● The input:
<<<<

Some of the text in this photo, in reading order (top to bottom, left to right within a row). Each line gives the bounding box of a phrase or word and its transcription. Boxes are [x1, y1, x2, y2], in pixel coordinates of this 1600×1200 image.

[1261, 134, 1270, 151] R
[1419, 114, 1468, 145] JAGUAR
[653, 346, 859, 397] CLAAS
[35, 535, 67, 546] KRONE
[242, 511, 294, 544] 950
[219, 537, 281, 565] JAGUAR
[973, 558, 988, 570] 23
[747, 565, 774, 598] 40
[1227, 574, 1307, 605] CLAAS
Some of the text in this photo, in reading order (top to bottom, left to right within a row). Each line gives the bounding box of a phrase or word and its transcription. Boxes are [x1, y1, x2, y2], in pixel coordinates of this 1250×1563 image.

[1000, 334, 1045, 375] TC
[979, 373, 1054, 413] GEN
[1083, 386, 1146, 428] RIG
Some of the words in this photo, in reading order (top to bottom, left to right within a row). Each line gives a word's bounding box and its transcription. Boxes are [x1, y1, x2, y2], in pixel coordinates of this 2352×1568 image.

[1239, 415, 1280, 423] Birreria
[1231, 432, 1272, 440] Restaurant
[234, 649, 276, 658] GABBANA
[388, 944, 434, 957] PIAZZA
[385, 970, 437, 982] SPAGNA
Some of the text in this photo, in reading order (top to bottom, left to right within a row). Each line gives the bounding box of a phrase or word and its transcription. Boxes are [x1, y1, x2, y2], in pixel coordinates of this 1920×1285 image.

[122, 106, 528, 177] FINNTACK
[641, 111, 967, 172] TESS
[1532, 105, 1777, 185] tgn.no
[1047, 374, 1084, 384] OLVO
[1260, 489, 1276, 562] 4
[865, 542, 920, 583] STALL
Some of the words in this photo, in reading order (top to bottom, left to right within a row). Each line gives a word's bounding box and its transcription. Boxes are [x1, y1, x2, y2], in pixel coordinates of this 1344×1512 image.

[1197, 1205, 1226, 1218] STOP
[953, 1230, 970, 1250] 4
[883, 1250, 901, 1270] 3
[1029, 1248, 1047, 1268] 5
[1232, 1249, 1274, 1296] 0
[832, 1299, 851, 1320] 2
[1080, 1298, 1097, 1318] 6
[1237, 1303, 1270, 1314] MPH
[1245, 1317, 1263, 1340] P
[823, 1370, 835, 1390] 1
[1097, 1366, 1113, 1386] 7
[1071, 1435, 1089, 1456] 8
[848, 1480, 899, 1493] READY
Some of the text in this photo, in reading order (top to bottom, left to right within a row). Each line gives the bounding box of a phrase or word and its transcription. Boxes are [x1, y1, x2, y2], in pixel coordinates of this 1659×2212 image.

>>>>

Each entry in the listing is to be copied exactly.

Some of the text in this photo, in reading order (top to bottom, left to right within a row). Each line gives the bounding box of a phrase or word and its transcription. Boxes are [x1, y1, x2, y2], in pixel coordinates of this 1600×1200 image.

[1261, 134, 1270, 151] R
[1419, 114, 1468, 145] JAGUAR
[653, 346, 859, 397] CLAAS
[35, 535, 67, 546] KRONE
[242, 511, 294, 544] 950
[219, 537, 281, 565] JAGUAR
[973, 558, 988, 570] 23
[747, 565, 774, 598] 40
[1227, 574, 1307, 605] CLAAS
Some of the text in this photo, in reading order (top to bottom, left to right within a row). Each line gives the bounding box of a phrase or word and its transcription. Boxes are [x1, y1, x2, y2], in pixel coordinates of this 1250×1563 image.

[1000, 334, 1045, 375] TC
[979, 373, 1054, 413] GEN
[1083, 386, 1146, 428] RIG
Some of the words in this photo, in reading order (top to bottom, left to right within a row). Each line gives a word's bounding box and its transcription. Boxes are [x1, y1, x2, y2], in pixel coordinates of this 2352×1568 image.

[1239, 415, 1280, 423] Birreria
[1231, 432, 1272, 440] Restaurant
[234, 649, 276, 658] GABBANA
[388, 944, 434, 957] PIAZZA
[385, 970, 437, 982] SPAGNA
Some of the text in this photo, in reading order (top to bottom, left to right within a row). Each line gives the bounding box of a phrase or word and its transcription. Boxes are [x1, y1, x2, y2], in pixel coordinates of this 1920×1285 image.

[122, 106, 528, 177] FINNTACK
[641, 111, 967, 172] TESS
[1532, 105, 1777, 185] tgn.no
[1047, 374, 1084, 384] OLVO
[1260, 489, 1276, 562] 4
[865, 542, 920, 583] STALL
Some of the words in this photo, in reading order (top to bottom, left to right within a row). Each line gives a word's bounding box and its transcription. Boxes are [x1, y1, x2, y2], in pixel coordinates of this 1344×1512 image.

[1197, 1205, 1226, 1218] STOP
[953, 1230, 970, 1250] 4
[883, 1250, 901, 1270] 3
[1029, 1248, 1047, 1268] 5
[1232, 1249, 1274, 1296] 0
[832, 1299, 851, 1320] 2
[1080, 1298, 1097, 1318] 6
[1237, 1303, 1270, 1314] MPH
[1245, 1317, 1263, 1340] P
[823, 1370, 835, 1390] 1
[1097, 1366, 1113, 1386] 7
[1071, 1435, 1089, 1456] 8
[848, 1480, 899, 1493] READY
Some of the text in this photo, in reading order (top to bottom, left to right within a row). Each line gives the bounding box of a phrase or word and its transcription. Boxes are [x1, y1, x2, y2], in pixel coordinates of this 1659×2212 image.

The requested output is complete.